No film better utilizes Audrey Hepburn’s flighty charm and svelte beauty than this romantic adaptation of Truman Capote’s novella. Hepburn’s urban sophisticate Holly Golightly, an enchanting neurotic living off the gifts of gentlemen, is a bewitching figure in designer dresses and costume jewelry. George Peppard is her upstairs neighbor, a struggling writer and “kept” man financed by a steely older woman. His growing friendship with the lonely Holly soon turns to love and threatens the delicate balance of both of their compromised lives…[Director Blake] Edwards’s elegant yet light touch, [George] Axelrod’s generous screenplay, and Hepburn’s mix of knowing experience and naiveté combine to create one of the great screen romances and a refined slice of high society bohemian chic.
- Sean Axmaker, amazon.com
Perhaps like most girls, I fell in love with Breakfast at Tiffany’s before I had even watched it — and even when I had already watched it, before I understood it. Just the idea of this wisp of a girl bandying around New York in the most glamourous outfits, waking up with mascara perfectly applied and hosting a party in a sheet, never looking like she tried too hard (or even at all) was marvelous just to imagine. How cool for her business cards to say “Miss Holiday Golightly, Traveling”. (I think this detail may be found in Truman Capote’s short story, and not the movie.) And she makes being a call girl seem so awesome that I daydream about falling into the profession sometimes — but only if I could live it while looking like Holly.

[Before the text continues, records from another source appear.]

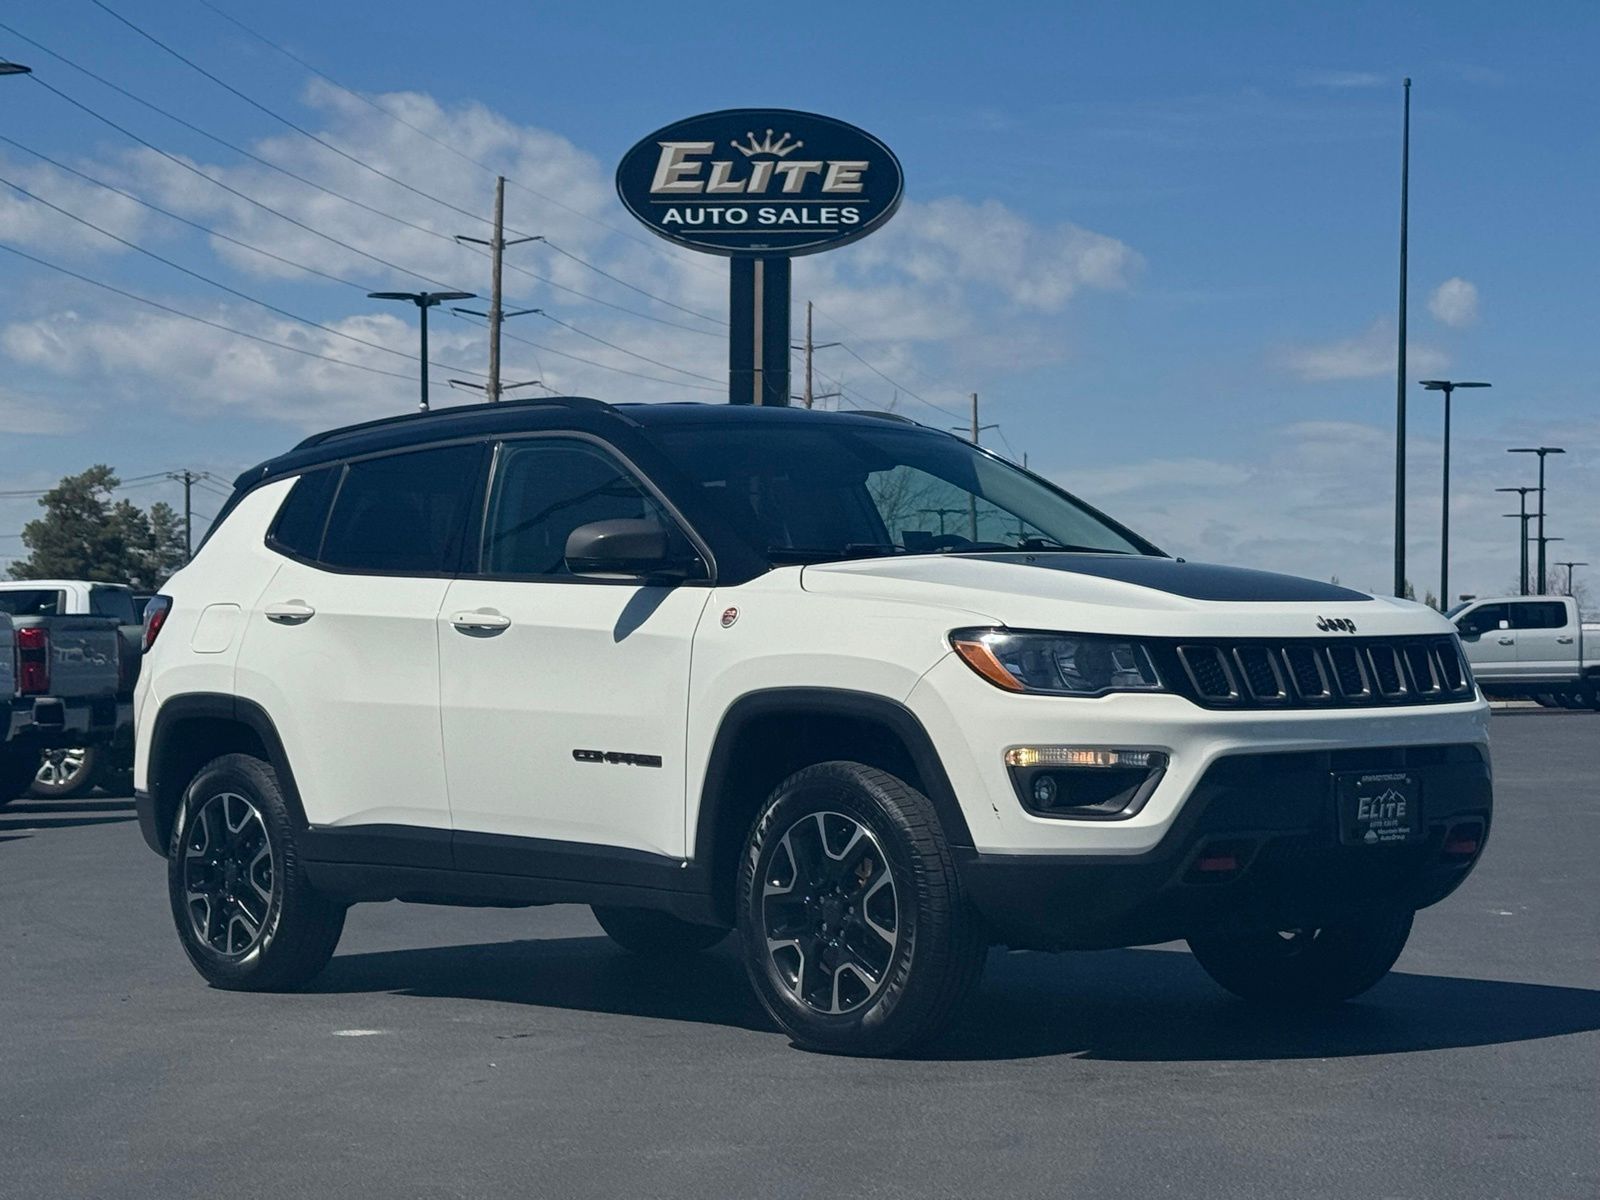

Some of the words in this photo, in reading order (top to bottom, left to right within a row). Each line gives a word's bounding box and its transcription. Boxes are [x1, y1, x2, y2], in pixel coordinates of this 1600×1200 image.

[650, 141, 869, 193] ELITE
[662, 208, 748, 224] AUTO
[757, 207, 859, 224] SALES
[1316, 615, 1357, 634] Jeep
[1357, 797, 1407, 820] ELITE

It’s a pity that the costumes worn by Audrey Hepburn throughout the film are cast aside for the unapologetically iconic Givenchy frock. It’s her character’s signature look, and it’s an inarguably beautiful dress. But enough! Breakfast at Tiffany’s is more than that: it is about how style is interweaved into Holly’s everyday life that leaves a mark with me.
All these looks are very understated yet elegant, hinting that Holly would rather spend whatever money she hustled on fine clothes than furniture. It’s very French in that all the outfits seem well-made but styled nonchalantly, and also very American in that they are all very spare and minimal, with barely any jewelry.

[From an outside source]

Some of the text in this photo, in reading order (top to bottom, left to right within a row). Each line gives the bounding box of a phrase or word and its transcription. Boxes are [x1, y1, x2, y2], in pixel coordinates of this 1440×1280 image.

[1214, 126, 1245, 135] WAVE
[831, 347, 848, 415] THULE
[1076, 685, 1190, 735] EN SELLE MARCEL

Almost all of Holly’s outfits are neutral in color, with splashes of bold color here and there (the striking orange coat in the five-and-dime scene and the ridiculous Pepto-pink feathered masquerade dress come to mind). What sets them apart are the signature touches of luxury: the Tiffany blue eyeshades, tasseled ear plugs, silken garments, the cigarette holder — all speak to a lifestyle significantly more upscale than she could probably afford, but must have. Holly remains chic, whether she’s wearing a men’s tuxedo shirt as a nightgown…
…having a nightcap in a terrycloth robe…
…in a peach silk robe with the sleeves casually pushed up (I love this detail to bits!), with a glimpse at the makeshift details of her life — the bathtub sofa, crate coffee table, suitcase end tables, jam jar coffee mug…
…at the library in an olive cardigan, oversized shades, and quilted-and-chained leather bag…
…taking a break in a grey crewneck sweater, jeans, and a towel wrapped around her head…
…or seconds away from a hailstorm of chicken and chocolate, in a putty-colored funnel neck sweater, black capris, and pigtails. I swear, only Audrey Hepburn can pull off capris and pigtails to great effect.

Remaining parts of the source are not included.